LV/BV erfolgt im Verbund aller Fähigkeiten der Bundeswehr und stets multinational. Die Handlungsfähigkeit der NATO und der EU beruht auch auf der Aufgabenerfüllung Deutschlands als Truppensteller und Host Nation (zum Beispiel als Transitland und Drehscheibe für die Verlegung von Kräften) sowie auf den militärisch oder auch zivil bereitgestellten Unterstützungsleistungen (unter anderem Logistik, IT-Services und sanitätsdienstliche Versorgung). Aufgrund der Leistungsfähigkeit des SanDstBw hat Deutschland im Framework Nation Concept die Rolle als Anlehnnation übernommen und uns wird häufig auch die Rolle als Medical Lead Nation in NATO- und EU-Missionen zugewiesen.

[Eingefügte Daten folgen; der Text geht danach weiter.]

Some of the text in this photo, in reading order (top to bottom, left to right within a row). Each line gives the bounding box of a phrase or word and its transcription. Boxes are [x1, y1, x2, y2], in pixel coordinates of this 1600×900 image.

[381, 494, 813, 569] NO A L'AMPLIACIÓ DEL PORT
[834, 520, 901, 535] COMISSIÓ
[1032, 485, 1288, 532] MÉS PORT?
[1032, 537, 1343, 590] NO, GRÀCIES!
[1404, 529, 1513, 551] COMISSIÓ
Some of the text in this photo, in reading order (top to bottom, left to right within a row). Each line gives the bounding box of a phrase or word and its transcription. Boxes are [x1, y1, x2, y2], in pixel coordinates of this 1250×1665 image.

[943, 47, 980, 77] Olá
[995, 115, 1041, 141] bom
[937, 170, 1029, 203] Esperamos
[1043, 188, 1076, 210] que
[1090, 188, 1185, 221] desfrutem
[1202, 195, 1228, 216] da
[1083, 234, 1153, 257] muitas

Die Herausforderungen für den SanDstBw, die mit der Neuausrichtung auf die LV/BV einhergehen, sind daher ausgesprochen vielschichtig.

Rahmenbedingungen

Rahmengebend für die sanitätsdienstliche Versorgung von Soldat*innen im Einsatz sind die Vorgaben der NATO und der Konzeption der Bundeswehr. Dieses wird maßgeblich in der Fachlichen Leitlinie zum Ausdruck gebracht, wonach das Ergebnis der sanitätsdienstlichen Versorgung im Ergebnis qualitativ dem fachlichen Standard in Deutschland entsprechen muss. Die Fachstrategie „Gesundheitsversorgung der Bundeswehr“ präzisiert diesen Aspekt dahingehend, dass die Ergebnisqualität immer kontextabhängig ist. Der sanitätsdienstliche Einsatzbeitrag bemisst sich dabei grundsätzlich an den missionsabhängigen operativen Fähigkeitsforderungen der zu unterstützenden Kräfte und unter Berücksichtigung nationaler Vorgaben und Auflagen („tailored to the mission“). 

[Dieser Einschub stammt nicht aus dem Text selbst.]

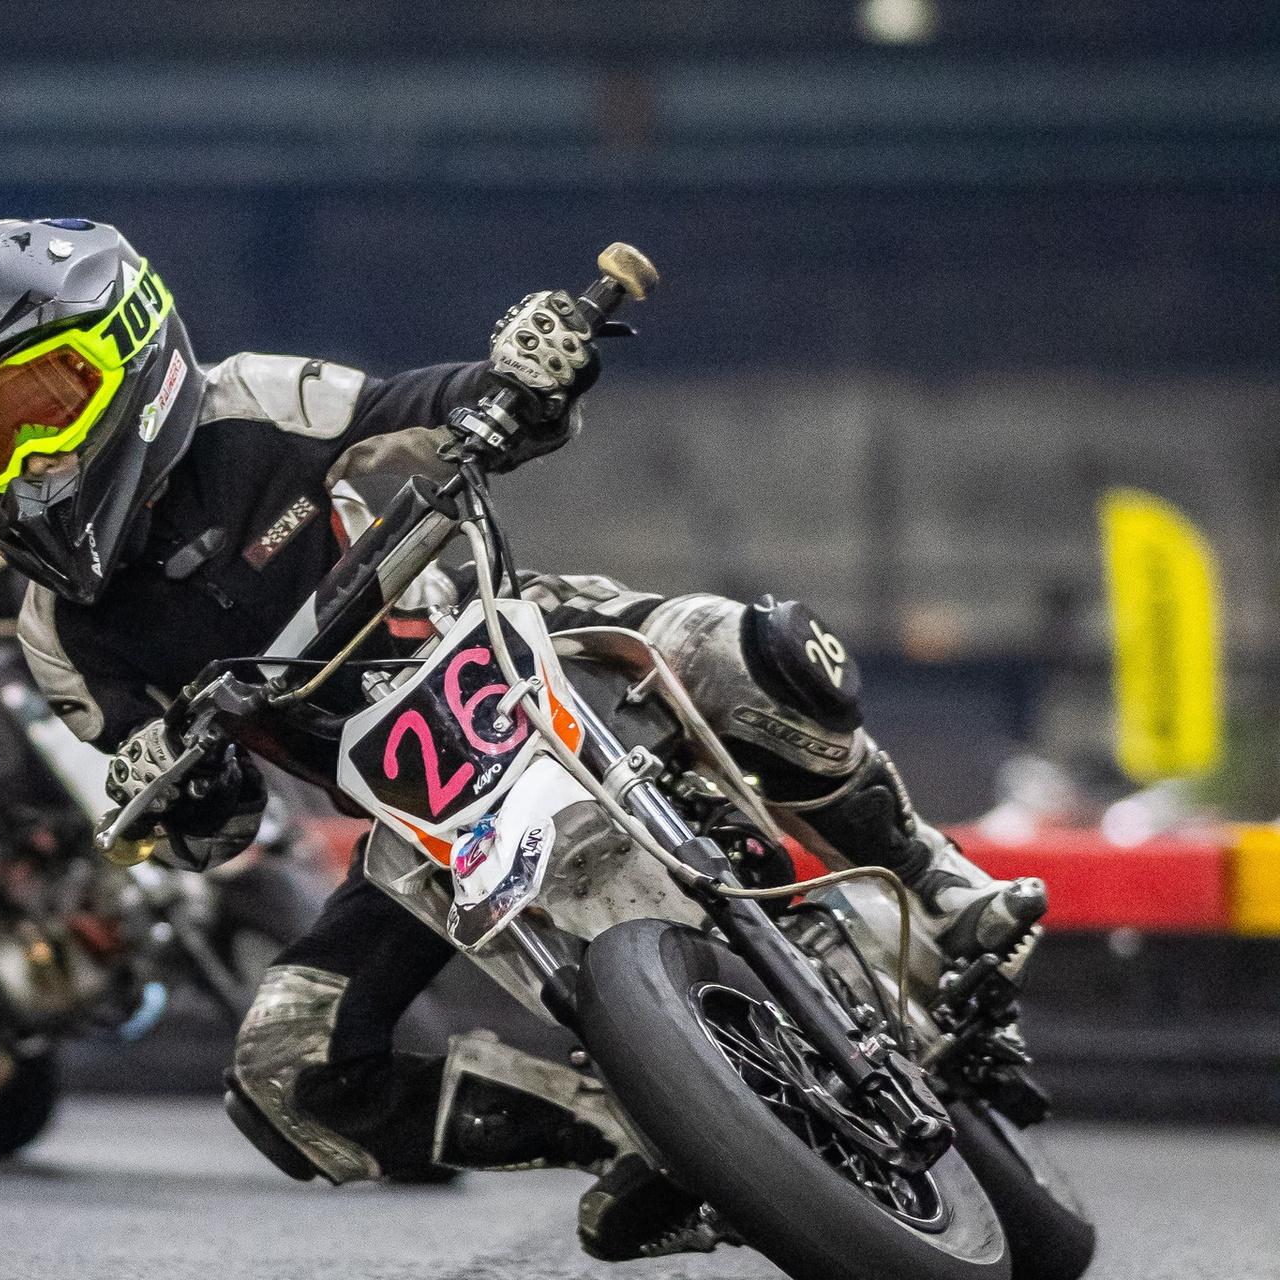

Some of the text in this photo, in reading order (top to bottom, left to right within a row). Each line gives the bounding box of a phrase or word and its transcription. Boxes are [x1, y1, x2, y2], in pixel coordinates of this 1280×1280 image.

[805, 619, 846, 688] 26
[382, 646, 529, 817] 26
[473, 763, 502, 795] KAYO
[521, 828, 544, 858] KAYO
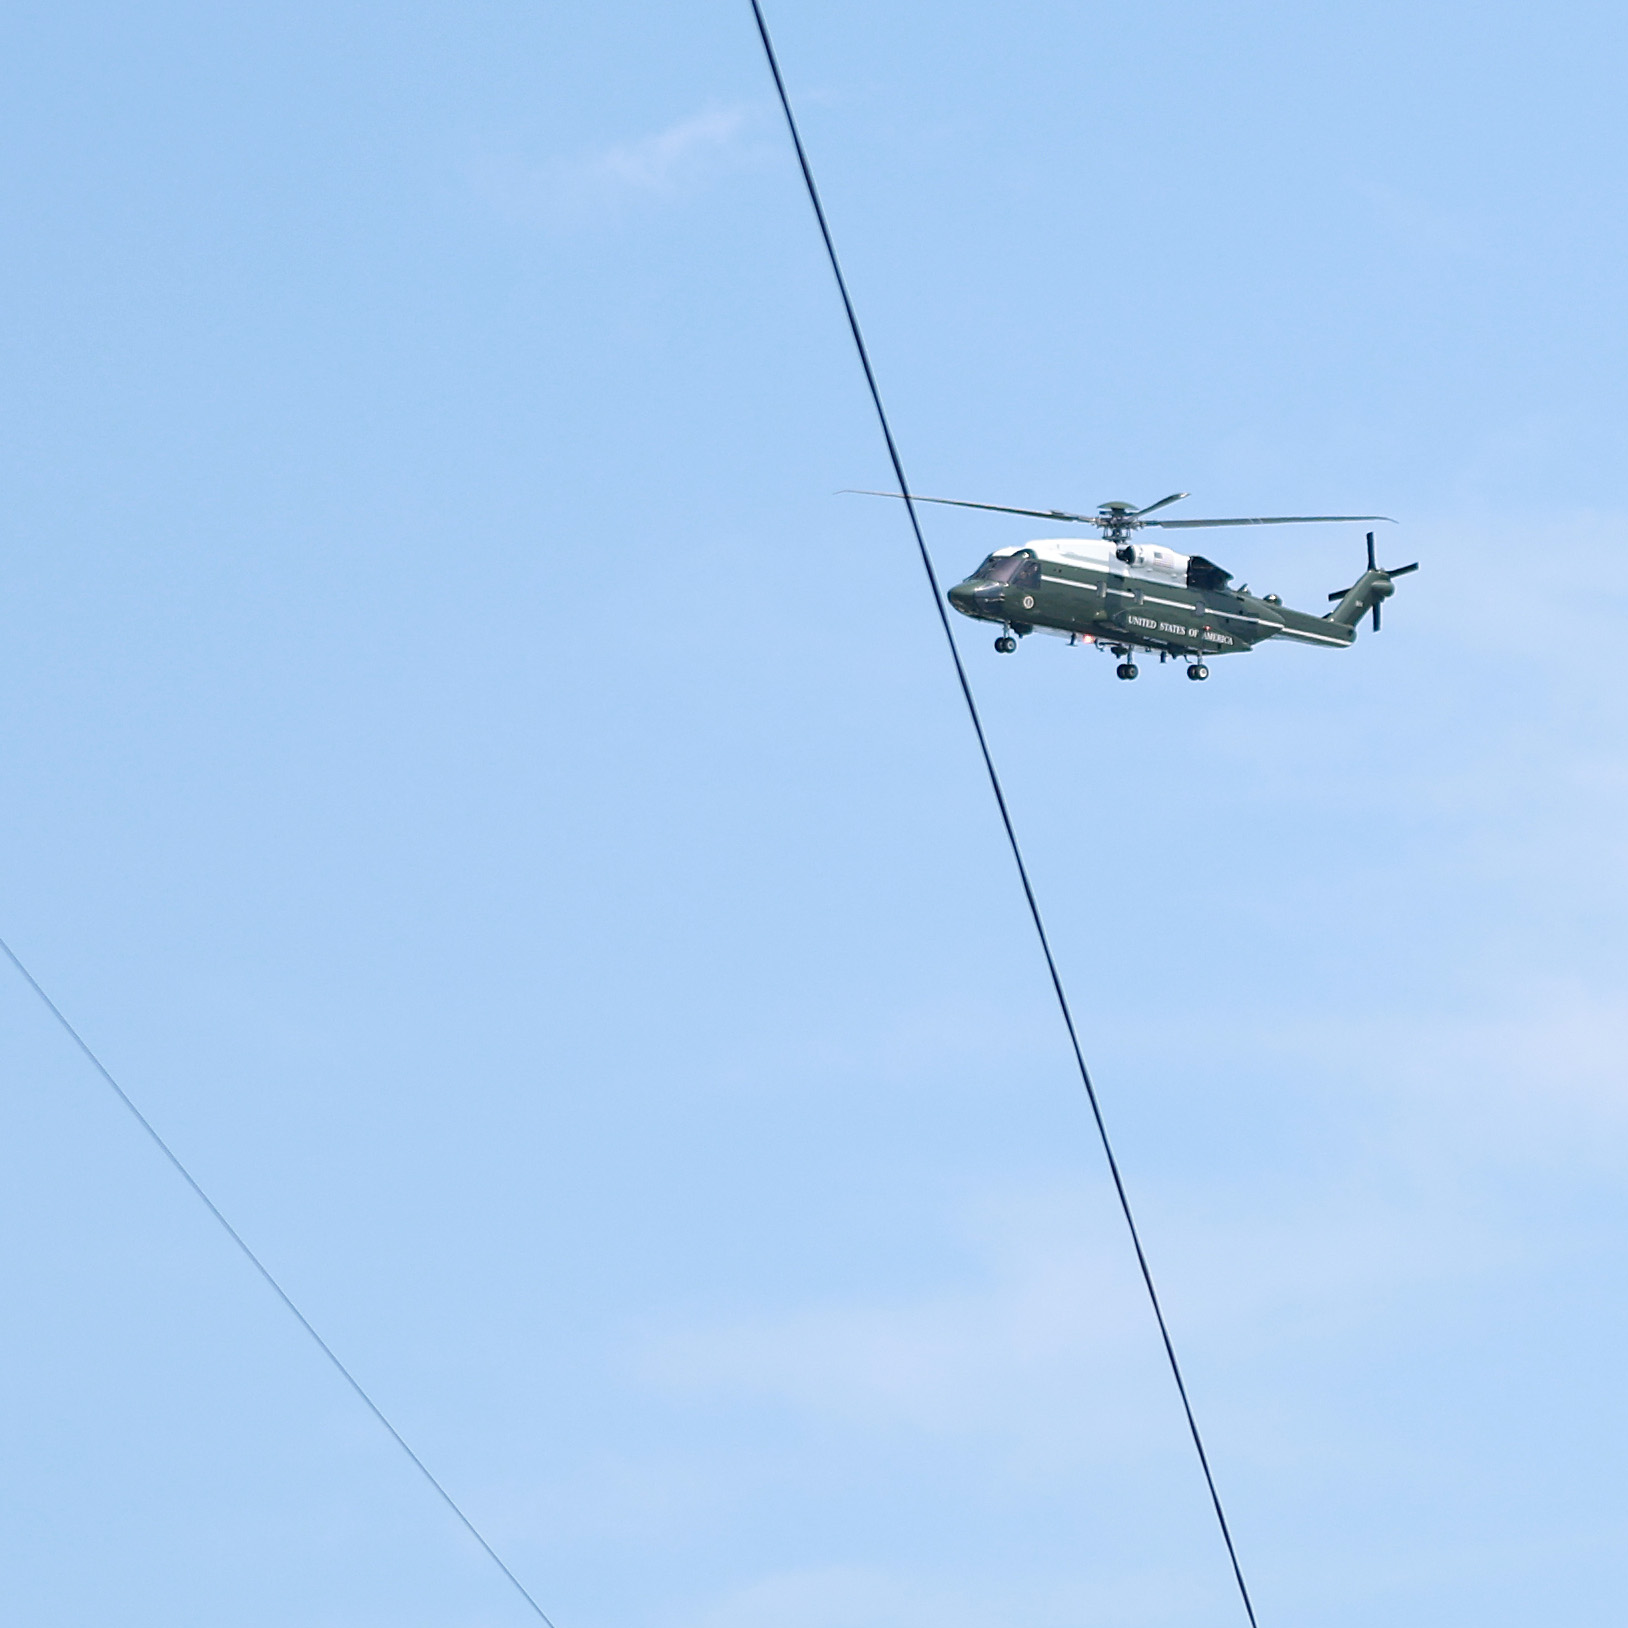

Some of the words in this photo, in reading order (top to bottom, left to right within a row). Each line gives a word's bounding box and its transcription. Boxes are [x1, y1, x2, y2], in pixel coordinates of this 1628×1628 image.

[1128, 615, 1157, 630] UNITED
[1160, 622, 1186, 636] STATES
[1188, 628, 1199, 638] OF
[1202, 631, 1234, 646] AMERICA

Aus der Grundaufstellung der Bundeswehr heraus sind alle Fähigkeiten zur Erfüllung der gleichzeitig zu leistenden Aufgaben abzurufen. Diese werden durch Missionspakete für darüberhinausgehende weitere gleichrangige Aufgaben ergänzt.

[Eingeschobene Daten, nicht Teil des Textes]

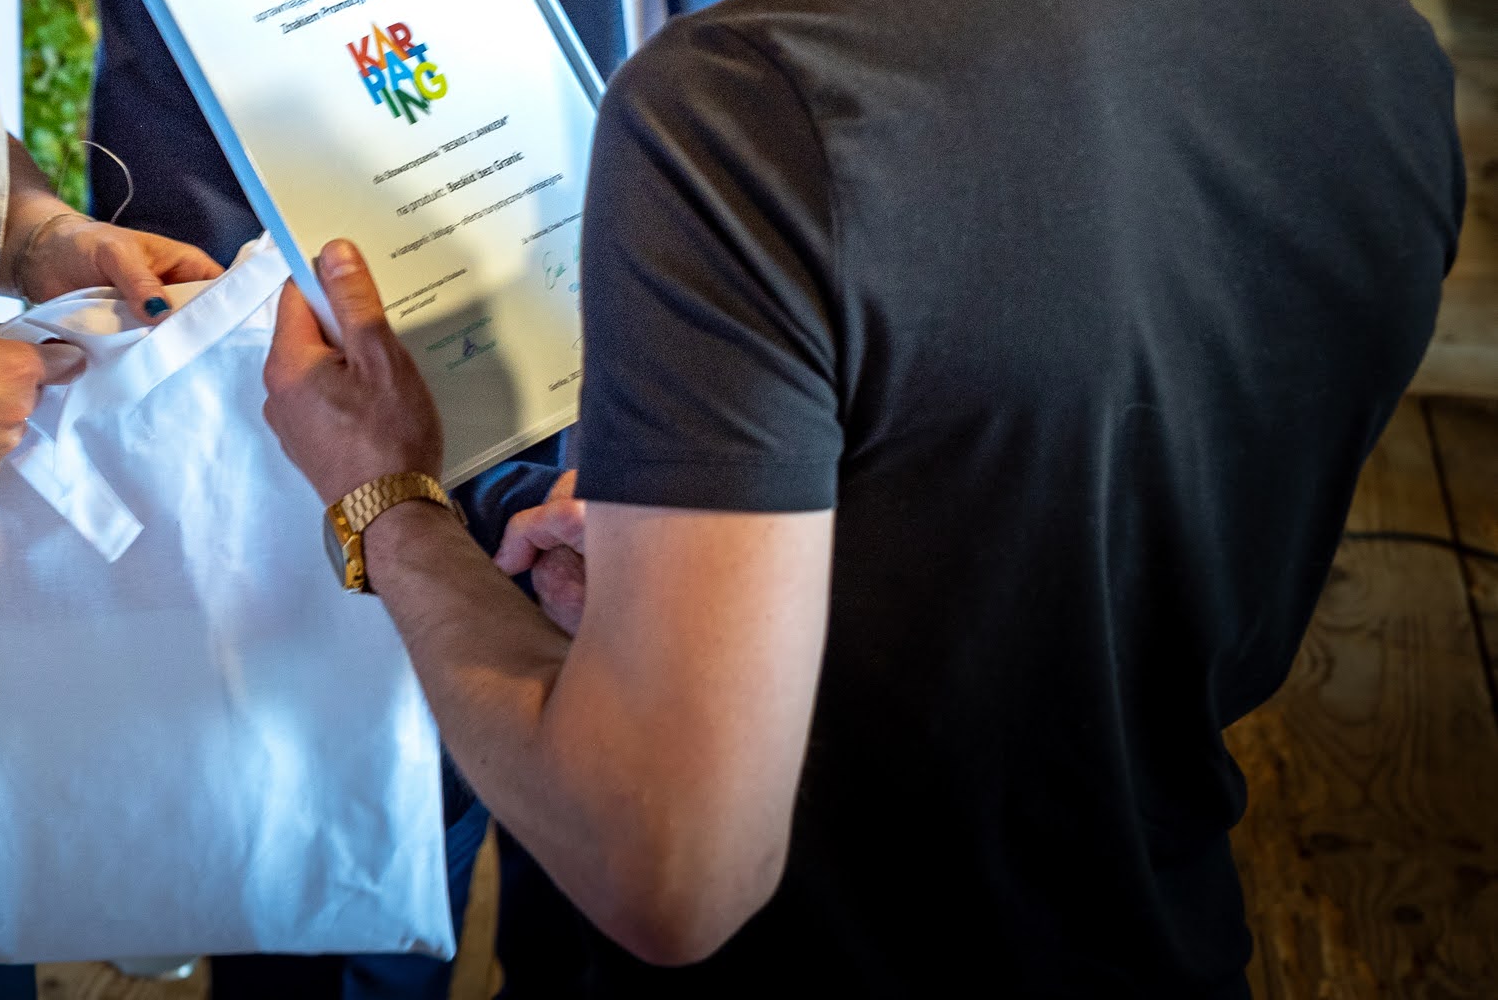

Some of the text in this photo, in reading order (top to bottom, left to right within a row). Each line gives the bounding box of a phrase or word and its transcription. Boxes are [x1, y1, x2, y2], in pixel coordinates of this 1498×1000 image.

[280, 12, 320, 34] Znakiem
[346, 21, 416, 78] KAR
[359, 42, 429, 106] PAT
[380, 61, 448, 125] ING
[396, 206, 410, 217] na
[446, 171, 477, 192] Beskid
[477, 165, 494, 180] bez
[493, 151, 525, 171] Granic

„Continuum of Care“ – die sanitätsdienstliche Versorgung im Einsatz
„Continuum of Care“ – die sanitätsdienstliche Versorgung im Einsatz
Quelle: PIZ Sanitätsdienst

Die Sanitätsdienstliche Unterstützung entlang der Rettungskette

Planungs- und handlungsleitende Kernaspekte der sanitätsdienstlichen Unterstützungsleistungen im Einsatz sind die „Clinical Timelines“ der NATO, die Kontinuität und Bruchfreiheit der sanitätsdienstlichen Versorgung („Continuum of Care“) sowie das multinationale Einsatzumfeld für die Versorgungsempfänger als auch die -erbringer. 

Die sanitätsdienstliche Unterstützung reicht dabei von der Selbst- und Kameradenhilfe noch am Ort der Verwundung („Point of Injury“) über die unterschiedlichen Versorgungsebenen ansteigender Versorgungsqualität im rückwärtigen Einsatzraum bis hin zur definitiven Versorgung und erforderlichen Rehabilitation im Heimatland. 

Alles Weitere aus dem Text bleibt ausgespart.